Product development is a global activity. Automobiles may be designed in Los Angeles and assembled in Ohio from parts manufactured throughout the world. Managing worldwide, disparate suppliers requires project risk management. It is the ability to anticipate project problems and obstacles that may hinder the project from achieving objectives within cost, schedule, and quality constraints.
The risks represented by imported products and food are now issues of public safety and homeland security. It is proposed to improve the safety of imported products by focusing on preventing nonconformances and controlling risks. You can’t inspect all incoming goods to protect consumers from possible harm. One system is, the government would collect the data, identify safety hazards along the entire life cycle of imported products, and manage risks proactively and preventively. The change from an inspection-focused strategy to a risk-based approach emphasizes prevention with verification and validation.

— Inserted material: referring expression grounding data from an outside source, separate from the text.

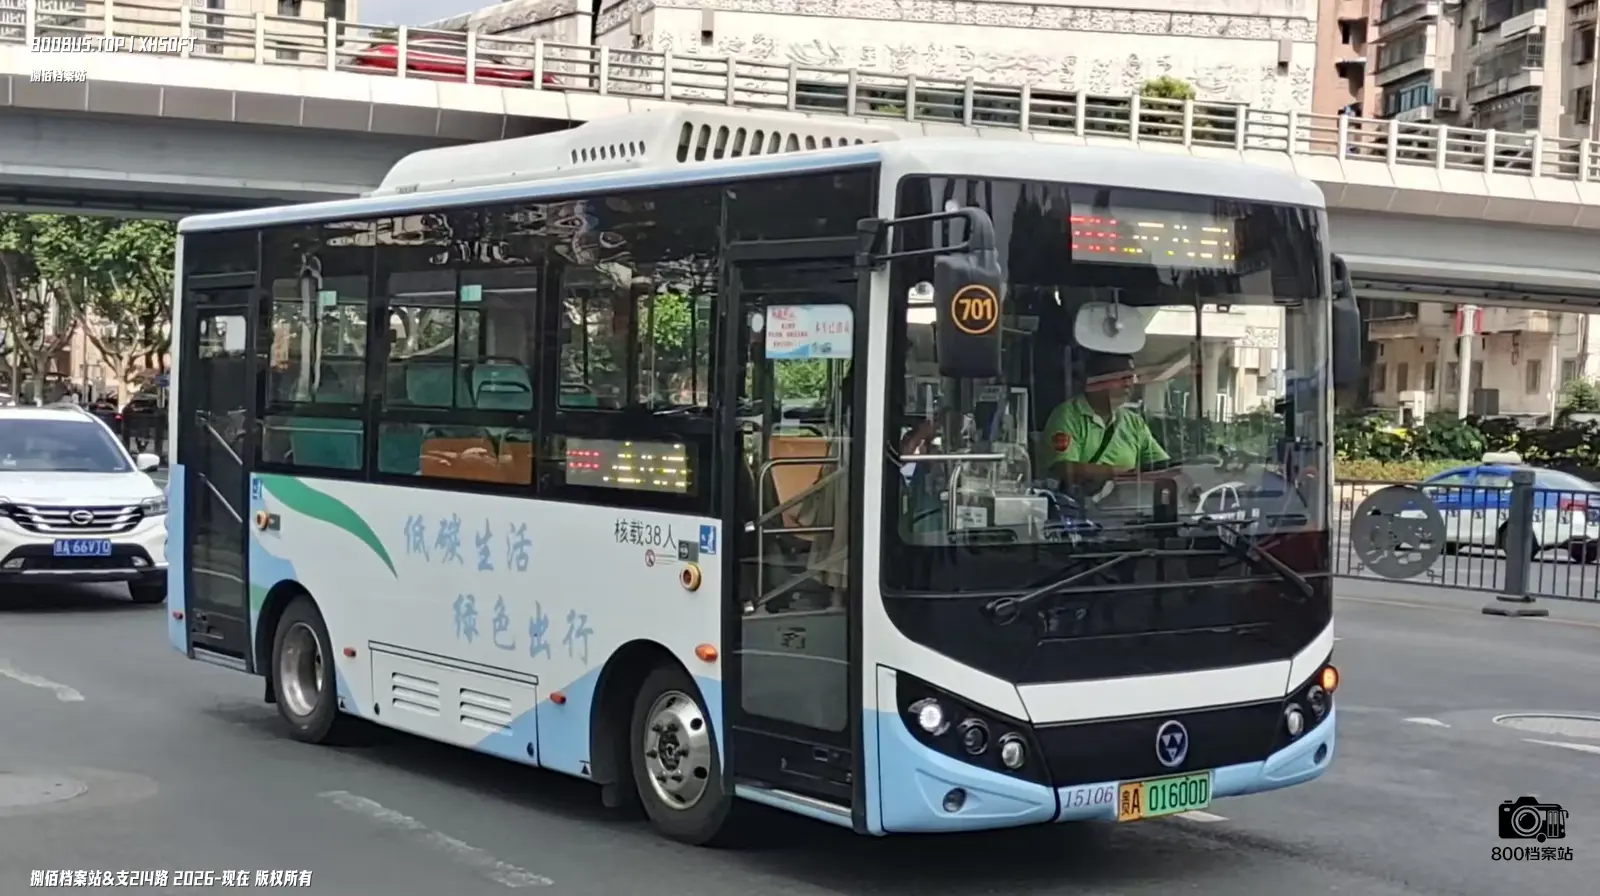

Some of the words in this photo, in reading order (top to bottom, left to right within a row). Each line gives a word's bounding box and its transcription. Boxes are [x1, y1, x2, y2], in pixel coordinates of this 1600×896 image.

[959, 298, 992, 320] 701
[403, 512, 532, 572] 低碳生活
[614, 518, 677, 550] 核载38人
[452, 593, 594, 666] 绿色出行
[1064, 785, 1114, 809] 15106
[1120, 787, 1141, 816] 贵A
[1148, 778, 1208, 812] 01600D
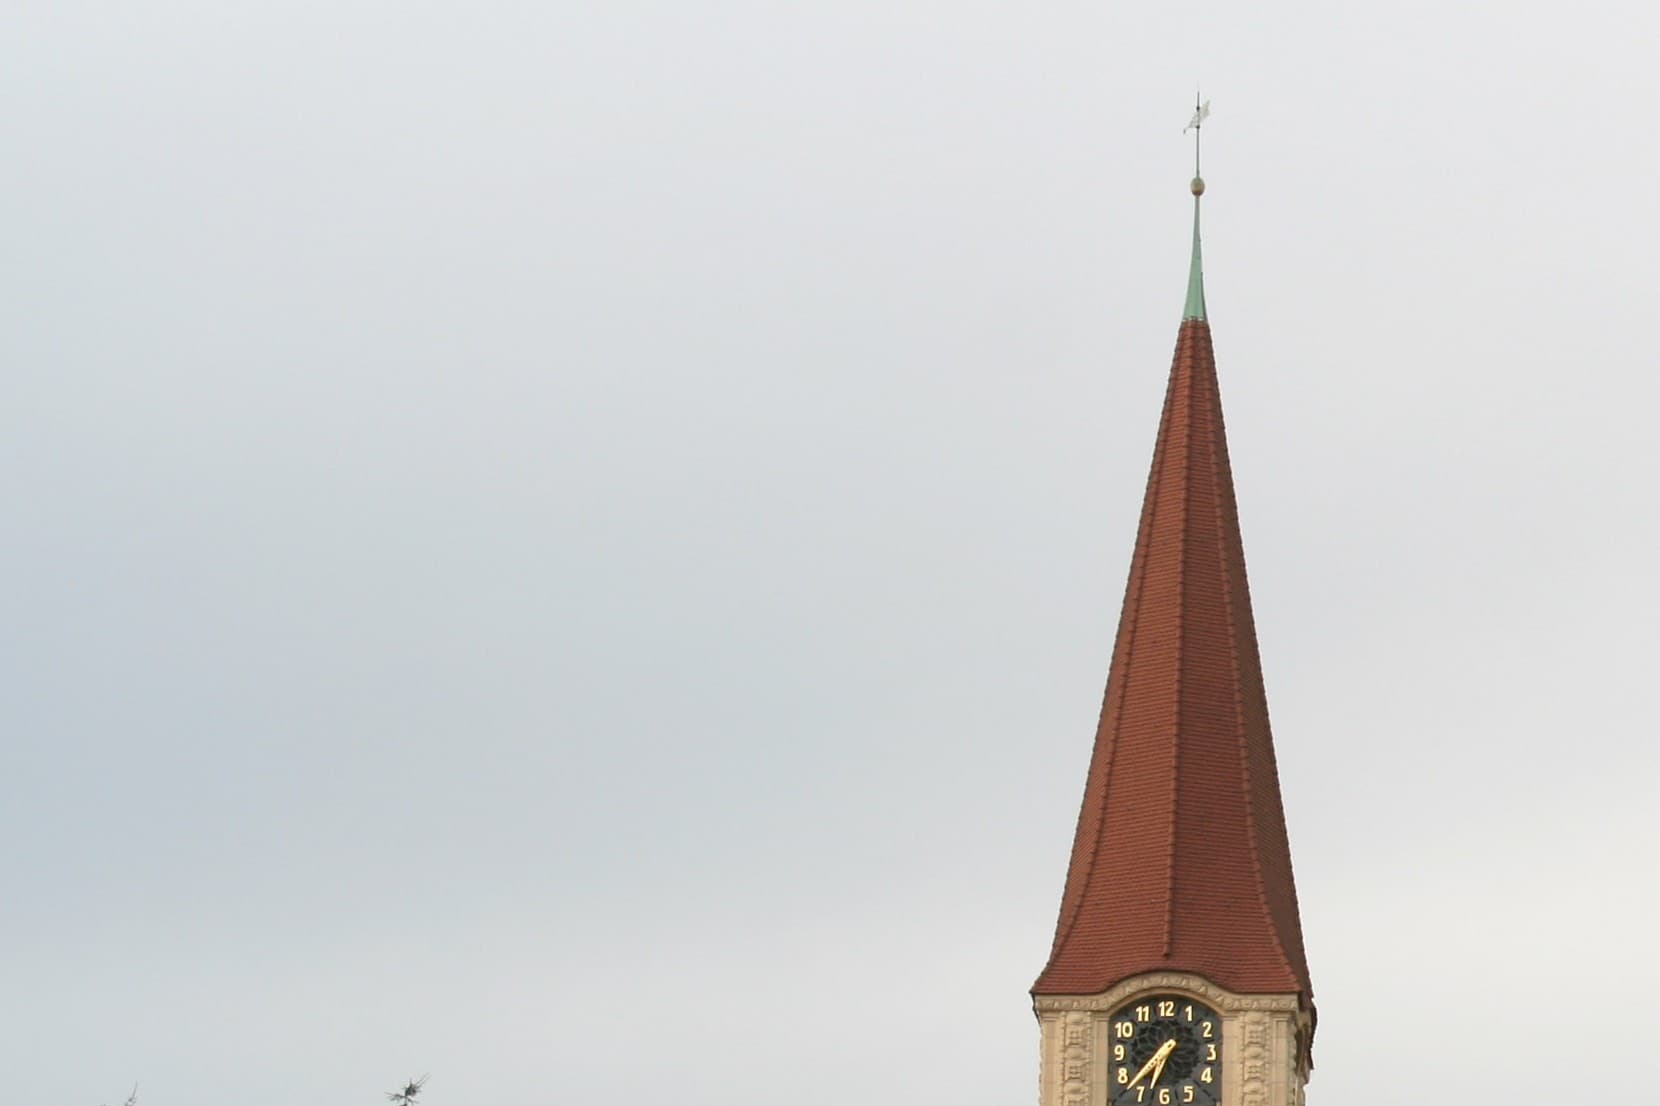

Risk management standards and modelsISO is developing ISO/DIS 31000--”Risk management--Principles and guidelines on implementation.” The critical elements of the standard are:
• Risk identification. Identifies the sources of risk, risk events, and their potential consequences
• Risk analysis. Analyzes the causes and source of the risks and the likelihood that they will occur
• Risk evaluation. Determines whether risks need to be addressed and treated
• Risk treatment. Determines strategies and tactics to mitigate or control risks
ASME ITI has developed Risk Analyses and Management for Critical Asset Protection (RAMCAP) for the U.S. Homeland Security as a guidance document for assessing risk analysis and risk management for critical infrastructure assets.
Advantages of risk-based decision makingAn interesting management phenomenon occurred during the last decade. Approximately 10 years ago, quality was the critical filter in high-level management decision-making. Then it evolved to price, which led to the global rush to find offshore suppliers and eventually to massive outsourcing. Price evolved into the total cost of ownership, and quality became a less compelling issue to senior management.
So, what’s the primary filter for senior management decision making now? Risk management. Why is risk management so critical these days? Four reasons:
• Risk is inherent in globalization and outsourcing.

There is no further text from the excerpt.